▶ [WHAT YOU SHOULD DO]:
Make an exact copy of every entry, from the first line to the last.

Start of MATERIAL FOR THIS TASK

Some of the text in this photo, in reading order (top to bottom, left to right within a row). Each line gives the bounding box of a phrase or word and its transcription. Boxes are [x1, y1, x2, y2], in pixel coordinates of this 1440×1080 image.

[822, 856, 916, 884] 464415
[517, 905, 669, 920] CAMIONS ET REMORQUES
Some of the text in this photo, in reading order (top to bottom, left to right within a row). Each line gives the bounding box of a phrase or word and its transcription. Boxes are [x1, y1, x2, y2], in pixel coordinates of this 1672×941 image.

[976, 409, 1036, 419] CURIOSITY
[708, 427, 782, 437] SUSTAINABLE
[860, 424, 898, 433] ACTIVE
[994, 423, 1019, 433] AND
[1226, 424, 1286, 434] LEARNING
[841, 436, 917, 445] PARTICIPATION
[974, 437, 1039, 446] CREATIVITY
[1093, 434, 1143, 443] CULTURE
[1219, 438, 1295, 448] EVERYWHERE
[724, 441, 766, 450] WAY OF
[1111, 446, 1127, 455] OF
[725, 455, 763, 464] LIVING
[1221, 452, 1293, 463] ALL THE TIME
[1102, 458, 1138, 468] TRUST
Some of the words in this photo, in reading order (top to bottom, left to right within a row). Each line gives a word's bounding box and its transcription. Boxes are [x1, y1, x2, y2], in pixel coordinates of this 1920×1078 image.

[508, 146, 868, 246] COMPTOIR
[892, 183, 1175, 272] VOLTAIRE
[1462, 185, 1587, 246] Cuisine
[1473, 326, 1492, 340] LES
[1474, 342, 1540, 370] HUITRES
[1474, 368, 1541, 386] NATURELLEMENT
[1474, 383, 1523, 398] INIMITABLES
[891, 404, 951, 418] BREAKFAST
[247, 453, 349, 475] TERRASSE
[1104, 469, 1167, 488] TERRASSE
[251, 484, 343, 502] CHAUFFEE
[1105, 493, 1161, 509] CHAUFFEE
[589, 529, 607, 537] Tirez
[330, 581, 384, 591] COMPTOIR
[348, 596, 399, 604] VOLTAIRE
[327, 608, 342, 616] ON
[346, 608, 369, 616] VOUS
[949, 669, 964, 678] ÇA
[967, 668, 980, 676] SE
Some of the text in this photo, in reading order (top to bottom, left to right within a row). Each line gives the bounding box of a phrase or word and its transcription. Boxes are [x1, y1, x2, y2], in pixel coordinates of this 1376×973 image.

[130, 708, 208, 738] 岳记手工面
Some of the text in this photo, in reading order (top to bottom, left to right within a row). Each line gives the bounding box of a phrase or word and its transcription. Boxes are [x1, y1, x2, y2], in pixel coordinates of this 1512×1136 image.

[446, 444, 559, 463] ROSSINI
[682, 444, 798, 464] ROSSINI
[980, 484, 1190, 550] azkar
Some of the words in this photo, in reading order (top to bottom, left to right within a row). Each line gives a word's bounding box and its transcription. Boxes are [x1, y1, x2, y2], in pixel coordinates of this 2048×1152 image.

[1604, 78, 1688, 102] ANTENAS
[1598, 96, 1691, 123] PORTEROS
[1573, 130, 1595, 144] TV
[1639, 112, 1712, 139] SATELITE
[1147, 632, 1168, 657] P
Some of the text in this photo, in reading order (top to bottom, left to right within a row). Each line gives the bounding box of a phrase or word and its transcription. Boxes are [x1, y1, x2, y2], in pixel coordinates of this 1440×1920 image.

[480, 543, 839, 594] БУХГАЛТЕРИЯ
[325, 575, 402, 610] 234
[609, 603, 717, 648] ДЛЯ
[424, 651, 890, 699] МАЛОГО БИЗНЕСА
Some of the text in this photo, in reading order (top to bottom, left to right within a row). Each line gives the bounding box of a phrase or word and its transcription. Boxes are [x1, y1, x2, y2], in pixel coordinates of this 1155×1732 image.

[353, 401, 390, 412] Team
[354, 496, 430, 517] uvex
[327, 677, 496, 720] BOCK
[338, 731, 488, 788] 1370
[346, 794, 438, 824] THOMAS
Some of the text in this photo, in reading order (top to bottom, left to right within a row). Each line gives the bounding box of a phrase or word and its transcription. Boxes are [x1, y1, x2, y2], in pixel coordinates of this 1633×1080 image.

End of MATERIAL FOR THIS TASK

▶ [SOLUTION]:
Some of the text in this photo, in reading order (top to bottom, left to right within a row). Each line gives the bounding box of a phrase or word and its transcription. Boxes are [x1, y1, x2, y2], in pixel coordinates of this 1440×1080 image.

[822, 856, 916, 884] 464415
[517, 905, 669, 920] CAMIONS ET REMORQUES
Some of the text in this photo, in reading order (top to bottom, left to right within a row). Each line gives the bounding box of a phrase or word and its transcription. Boxes are [x1, y1, x2, y2], in pixel coordinates of this 1672×941 image.

[976, 409, 1036, 419] CURIOSITY
[708, 427, 782, 437] SUSTAINABLE
[860, 424, 898, 433] ACTIVE
[994, 423, 1019, 433] AND
[1226, 424, 1286, 434] LEARNING
[841, 436, 917, 445] PARTICIPATION
[974, 437, 1039, 446] CREATIVITY
[1093, 434, 1143, 443] CULTURE
[1219, 438, 1295, 448] EVERYWHERE
[724, 441, 766, 450] WAY OF
[1111, 446, 1127, 455] OF
[725, 455, 763, 464] LIVING
[1221, 452, 1293, 463] ALL THE TIME
[1102, 458, 1138, 468] TRUST
Some of the words in this photo, in reading order (top to bottom, left to right within a row). Each line gives a word's bounding box and its transcription. Boxes are [x1, y1, x2, y2], in pixel coordinates of this 1920×1078 image.

[508, 146, 868, 246] COMPTOIR
[892, 183, 1175, 272] VOLTAIRE
[1462, 185, 1587, 246] Cuisine
[1473, 326, 1492, 340] LES
[1474, 342, 1540, 370] HUITRES
[1474, 368, 1541, 386] NATURELLEMENT
[1474, 383, 1523, 398] INIMITABLES
[891, 404, 951, 418] BREAKFAST
[247, 453, 349, 475] TERRASSE
[1104, 469, 1167, 488] TERRASSE
[251, 484, 343, 502] CHAUFFEE
[1105, 493, 1161, 509] CHAUFFEE
[589, 529, 607, 537] Tirez
[330, 581, 384, 591] COMPTOIR
[348, 596, 399, 604] VOLTAIRE
[327, 608, 342, 616] ON
[346, 608, 369, 616] VOUS
[949, 669, 964, 678] ÇA
[967, 668, 980, 676] SE
Some of the text in this photo, in reading order (top to bottom, left to right within a row). Each line gives the bounding box of a phrase or word and its transcription. Boxes are [x1, y1, x2, y2], in pixel coordinates of this 1376×973 image.

[130, 708, 208, 738] 岳记手工面
Some of the text in this photo, in reading order (top to bottom, left to right within a row). Each line gives the bounding box of a phrase or word and its transcription. Boxes are [x1, y1, x2, y2], in pixel coordinates of this 1512×1136 image.

[446, 444, 559, 463] ROSSINI
[682, 444, 798, 464] ROSSINI
[980, 484, 1190, 550] azkar
Some of the words in this photo, in reading order (top to bottom, left to right within a row). Each line gives a word's bounding box and its transcription. Boxes are [x1, y1, x2, y2], in pixel coordinates of this 2048×1152 image.

[1604, 78, 1688, 102] ANTENAS
[1598, 96, 1691, 123] PORTEROS
[1573, 130, 1595, 144] TV
[1639, 112, 1712, 139] SATELITE
[1147, 632, 1168, 657] P
Some of the text in this photo, in reading order (top to bottom, left to right within a row). Each line gives the bounding box of a phrase or word and its transcription. Boxes are [x1, y1, x2, y2], in pixel coordinates of this 1440×1920 image.

[480, 543, 839, 594] БУХГАЛТЕРИЯ
[325, 575, 402, 610] 234
[609, 603, 717, 648] ДЛЯ
[424, 651, 890, 699] МАЛОГО БИЗНЕСА
Some of the text in this photo, in reading order (top to bottom, left to right within a row). Each line gives the bounding box of a phrase or word and its transcription. Boxes are [x1, y1, x2, y2], in pixel coordinates of this 1155×1732 image.

[353, 401, 390, 412] Team
[354, 496, 430, 517] uvex
[327, 677, 496, 720] BOCK
[338, 731, 488, 788] 1370
[346, 794, 438, 824] THOMAS
Some of the text in this photo, in reading order (top to bottom, left to right within a row). Each line gives the bounding box of a phrase or word and its transcription. Boxes are [x1, y1, x2, y2], in pixel coordinates of this 1633×1080 image.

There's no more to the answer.